Reduced expression of Mad2 and Bub1 proteins is associated with spontaneous miscarriages

Abstract

During early development of the human embryo, chromosomal imbalance and instability may cause spontaneous miscarriages. In this study, we observe aberrant chromosome numbers in nearly half of spontaneous miscarriage embryo samples, most of which show abnormalities in karotype. We also detect significantly reduced expression of two important mitotic checkpoint proteins, Mad2 and Bub1. To further investigate the role of Bub1 and Mad2 in chromosome mis-segregation, in embryogenesis, and in errors leading to spontaneous miscarriages, we used RNA interference technology to knockdown Bub1 and Mad2 genes.
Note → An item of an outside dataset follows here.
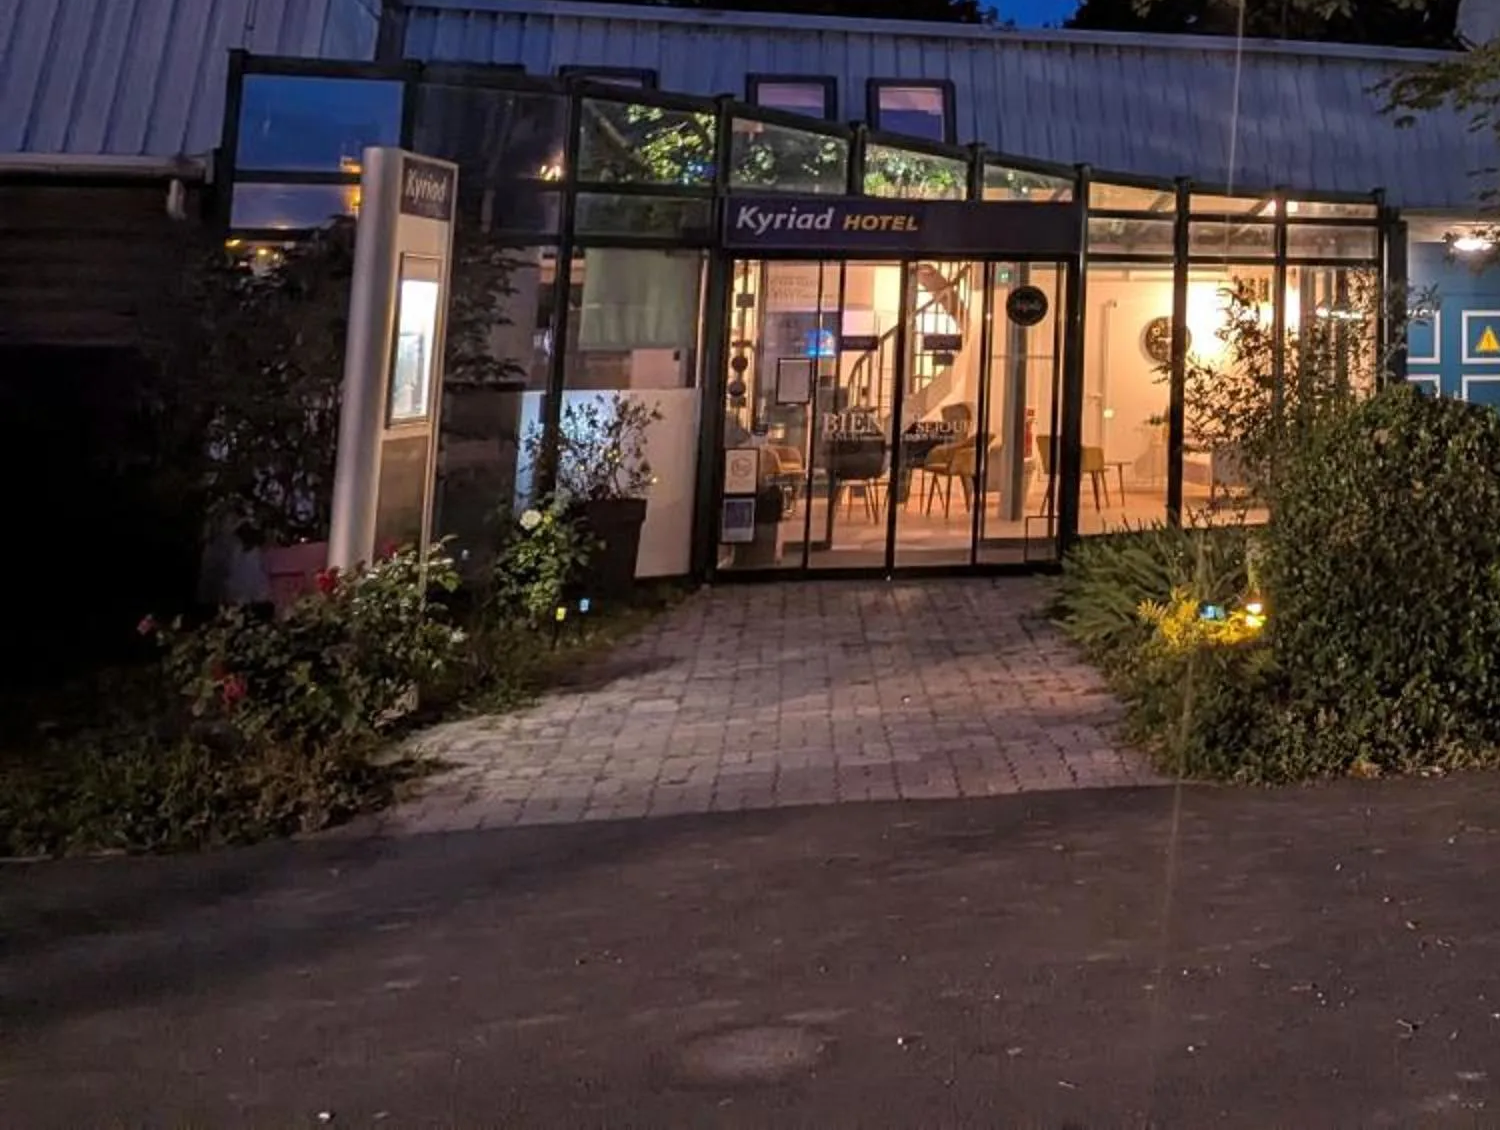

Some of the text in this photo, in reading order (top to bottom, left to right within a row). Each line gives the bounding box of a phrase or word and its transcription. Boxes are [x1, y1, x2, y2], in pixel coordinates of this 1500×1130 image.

[405, 169, 447, 204] Kyriad
[736, 206, 918, 236] Kyriad HOTEL
[822, 413, 886, 433] BIEN
We examined the effect of reduced expression of Mad2 and Bub1 on chromosome number, cell proliferation and cell cycle progression. Significant suppression of cell proliferation and increased abnormal chromosome numbers were detected. M phase arrest was observed in cultured villus cell lines with depleted Mad2 or Bub1 mRNA by RNAi technique. The results from the in vitro RNAi-mediated silencing model may provide an explanation for the observations in clinical samples of spontaneous miscarriages. Thus, our findings strongly suggest that the loss of spindle assembly checkpoint proteins, such as Bub1 and Mad2, may cause spontaneous miscarriages.